Mail Room: Palladium Fantasy 2nd Edition
You can't talk 90s fantasy roleplaying games without talking Palladium Fantasy. I can hear my brother talking to me, "If you are considering playing an AD&D 2nd Edition retro-clone, then you need to talk about Palladium Fantasy."
Balance, cohesion, organization? Fancy things like indices?
Nah, who needs any of that!
The game, even in its second Edition, reads like a random collection of magazine articles, and that is okay. The rules are not all that hard. 5+ on a d20 is a hit, and if your target is wearing any armor, rolling higher than the AR value of the armor takes the blow and damage. The only rule not included in the 2nd Edition of the Palladium rules is what the target number for a parry or dodge roll is! I could not find it and had to go back to the 1st Edition to see the parry and dodge target numbers, hint:
To parry or dodge roll higher than the attacker's roll.
There are a few other rules on parries and dodges, but those are in the 2nd edition book. This is one of those things where the parry rules are the same in every Palladium game, and I bet the editor had a brain fog hit and that little bit of information got omitted, or it is in a part of the book I just cannot find (yet).
Balanced Like Superheroes
So the game has a class that is a farmer. Very little power, frankly, is impossible to survive on. And then it has incredibly overpowered classes. We have simple classes that take a half-page, and complex ones with pages with complex rules and details. Good choices and bad?
None of it matters. The game is balanced like a group of superheroes, where an ancient god stands alongside the normal human bow guy. Not every class operates on the same power level. What matters is that you have fun.
And the super complicated classes? There if you want to learn them. Not everything needs to be on the same complexity level, and if you can make sense of the class, put in the time, and play it well, more power to you.

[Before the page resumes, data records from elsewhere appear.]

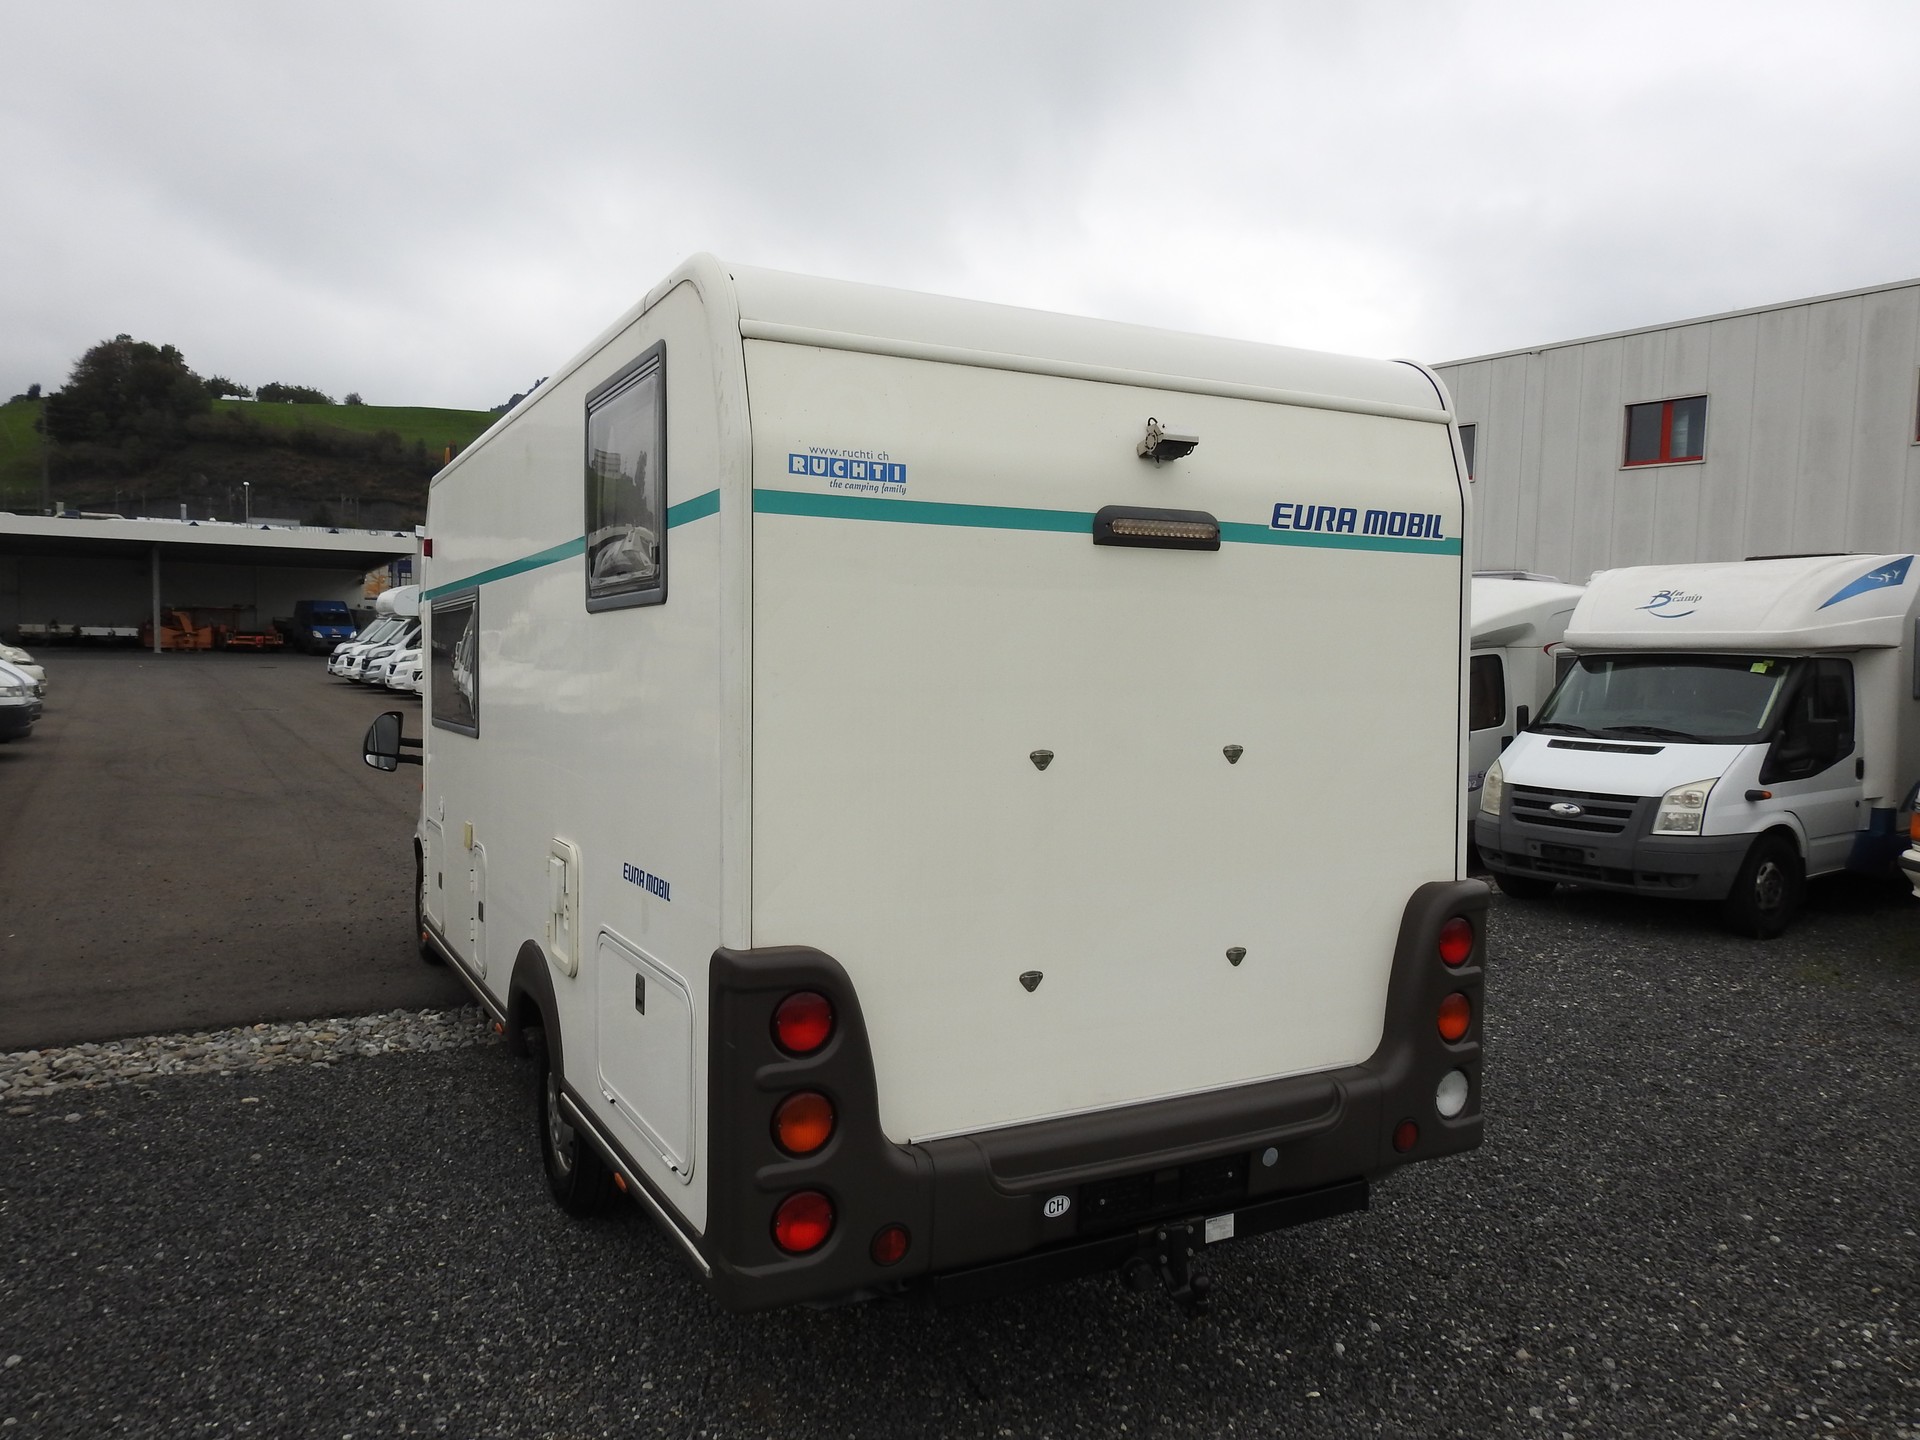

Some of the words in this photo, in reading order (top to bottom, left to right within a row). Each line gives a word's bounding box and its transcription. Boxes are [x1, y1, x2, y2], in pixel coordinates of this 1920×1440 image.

[792, 456, 901, 481] RUCHTI
[829, 479, 843, 489] the
[844, 481, 879, 493] camping
[881, 483, 907, 496] family
[1271, 502, 1358, 533] EURA
[1362, 509, 1444, 539] MOBIL
[623, 862, 645, 888] EURA
[646, 873, 671, 902] MOBIL
[1049, 1198, 1064, 1214] CH

System mastery,bisoptional.
Oh, and a small badger can completely kill a party of adventurers.
Balance. It goes both ways.
How did this get Popular?
I picked this up in the 90s because of Rifts. These days, I like this world stand-alone enough to play it straight. The system lives in this strange reality distortion field where many people talk badly about the game and say it has the most complicated set of rules ever, but the basic combat mechanics only take up a page in the book.

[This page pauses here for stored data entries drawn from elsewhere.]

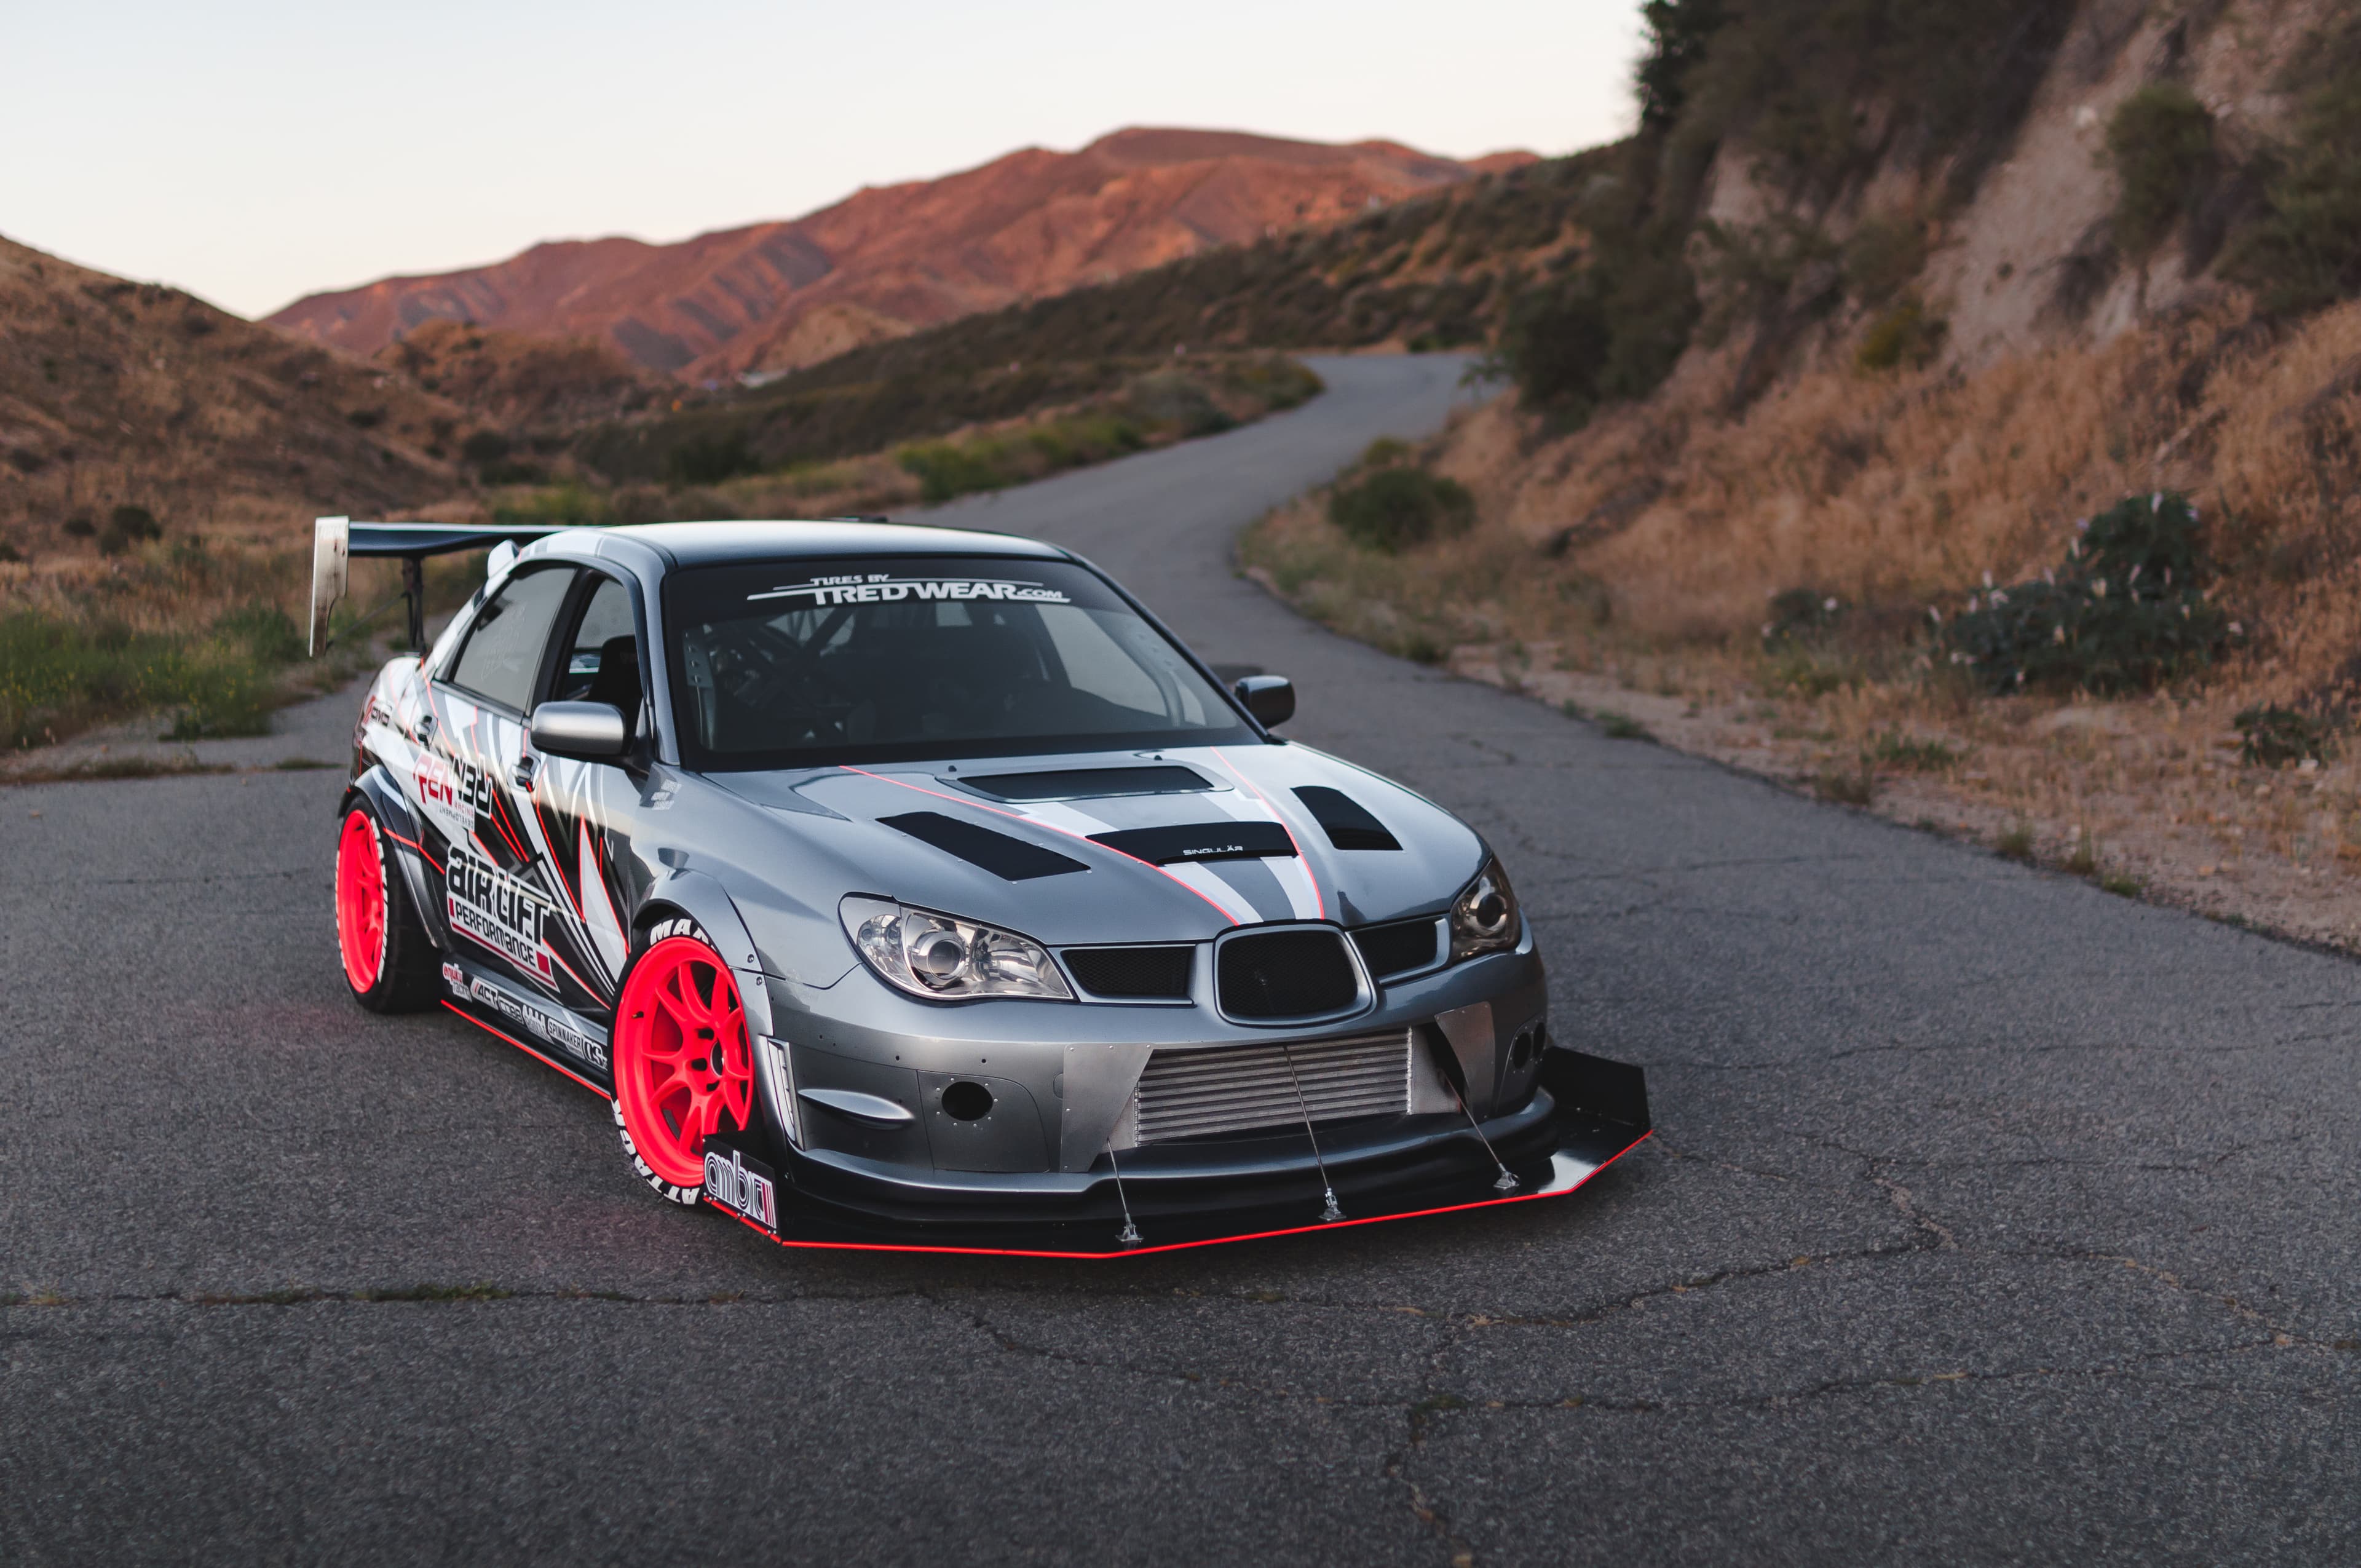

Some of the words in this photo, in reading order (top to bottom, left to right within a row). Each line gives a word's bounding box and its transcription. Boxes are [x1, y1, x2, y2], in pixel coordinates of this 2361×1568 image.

[810, 574, 863, 585] TIRES
[868, 574, 889, 583] BY
[439, 805, 474, 828] DEVELOPMENT
[454, 801, 474, 817] RACING
[477, 984, 498, 1004] ACT
[549, 1022, 582, 1050] SPINNAKER
[611, 1098, 700, 1205] ATTACK

And secretly, many people like this game. Even those who don't like the game just don't know they want it yet. Again, the Palladium reality distortion field is powerful.

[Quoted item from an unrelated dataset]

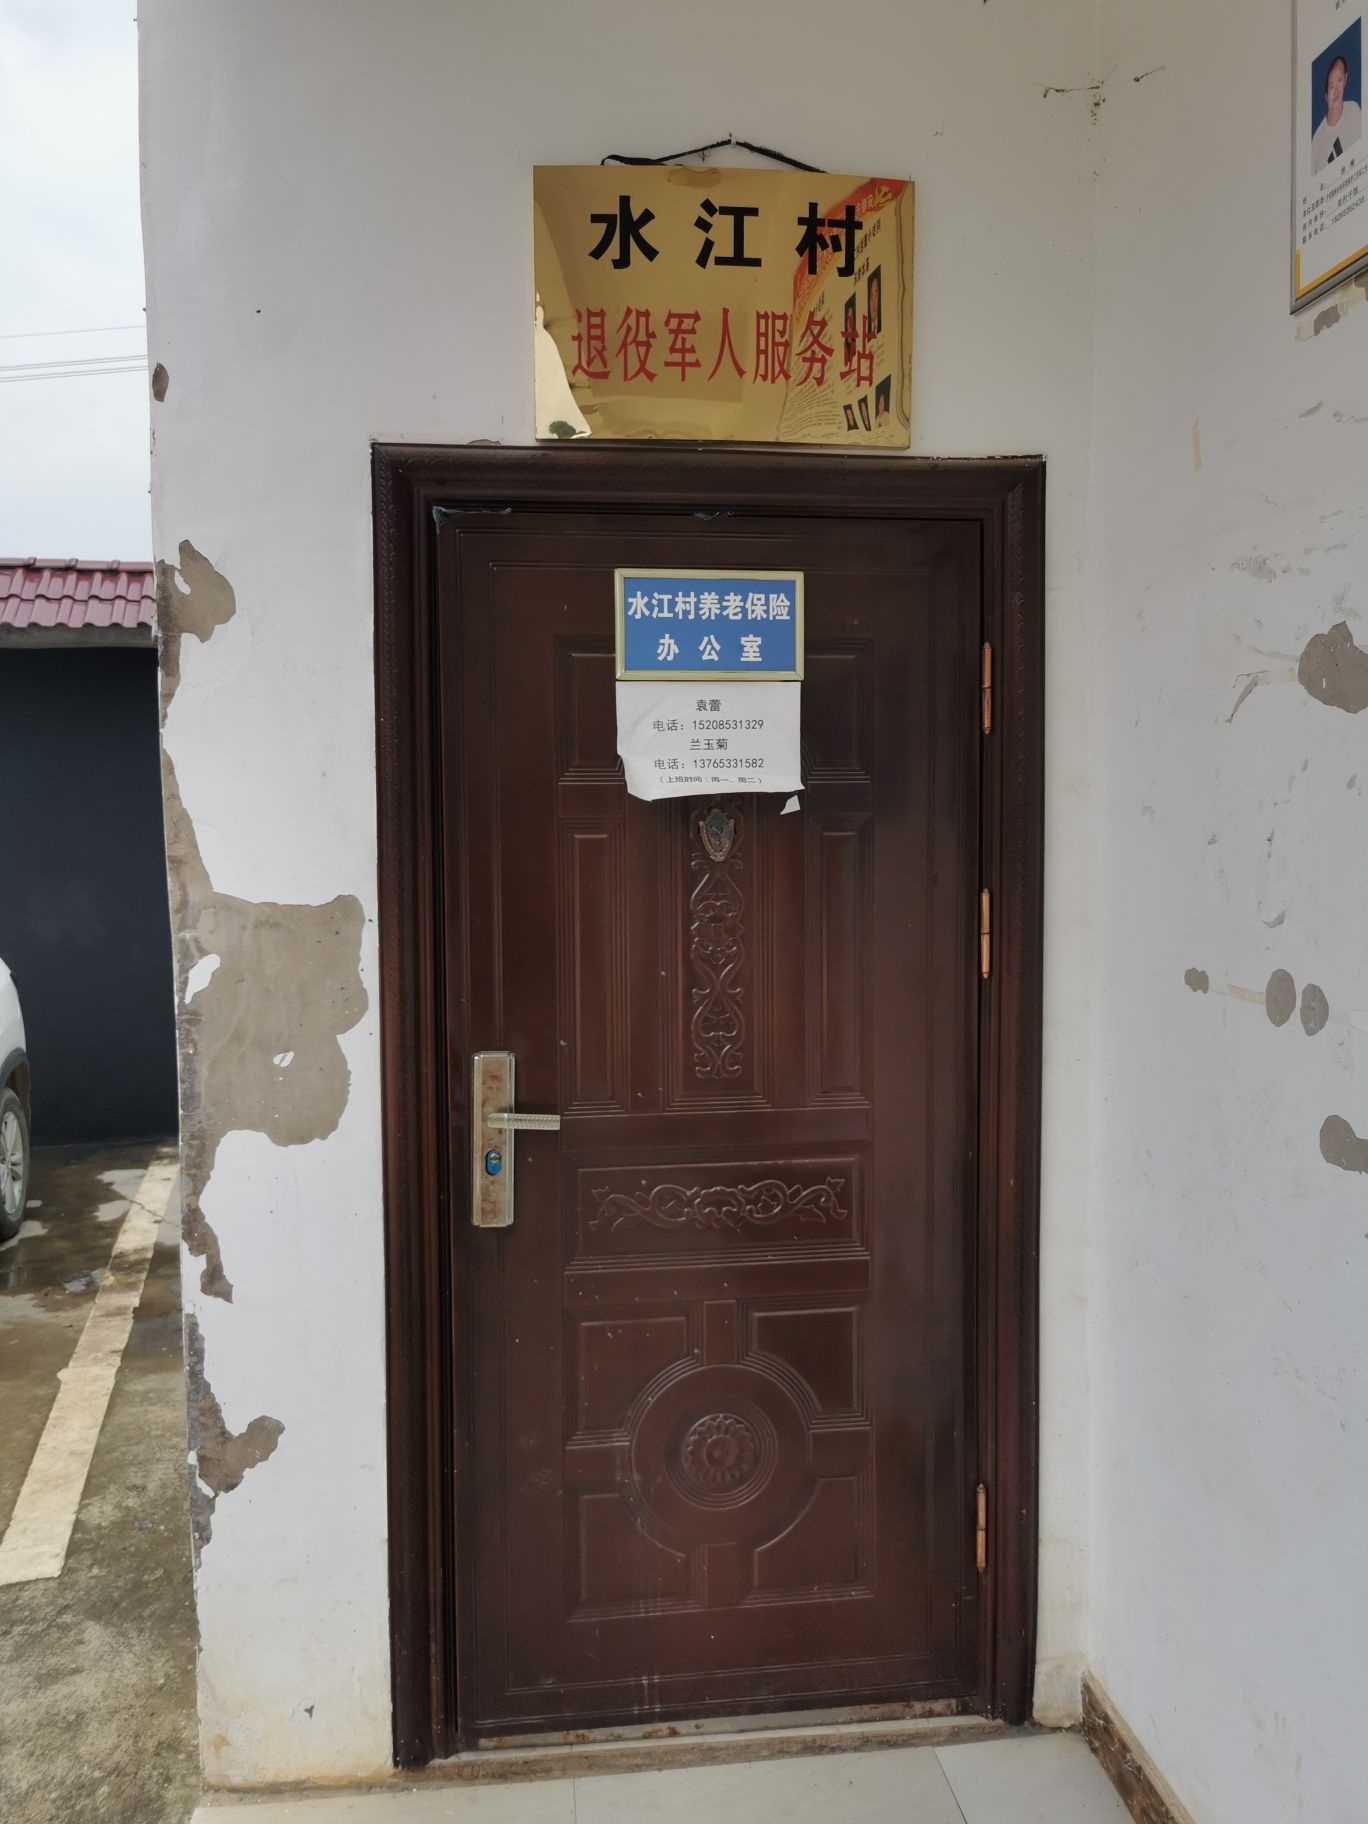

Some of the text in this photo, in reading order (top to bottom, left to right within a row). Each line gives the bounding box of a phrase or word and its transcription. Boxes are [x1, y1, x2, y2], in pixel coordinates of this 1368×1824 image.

I hear it is centered somewhere in Michigan.
Character creation is on par with D&D 2e. With D&D, you are writing down tons of modifiers based on ability scores and picking proficiencies. In Palladiu, you are noting the special rules within skills and occasionally noting a modifier here or there.
Rules complexity, this is more than a system that uses a d20 for combat and percentile dice for skills, like B/X. And if you can read and understand AD&D 1e, this is not that hard. The classes are varied and fun, with lots of cool details and asymmetric power systems. If you want to play an in-depth class, it is there. If you want to play, it is there too.
The solo play seems more fun because there is so much freedom and customization to the characters. The characters have a ton of depth, and the skills get better as you level.
If you want to pull in a Hong Kong martial artist and kung-fu your way through dungeons, buy another book and drop the character in - have fun. This universe has a Rift, so you've got a lot of leeway with transplant character classes that are 100% across the Palladium games.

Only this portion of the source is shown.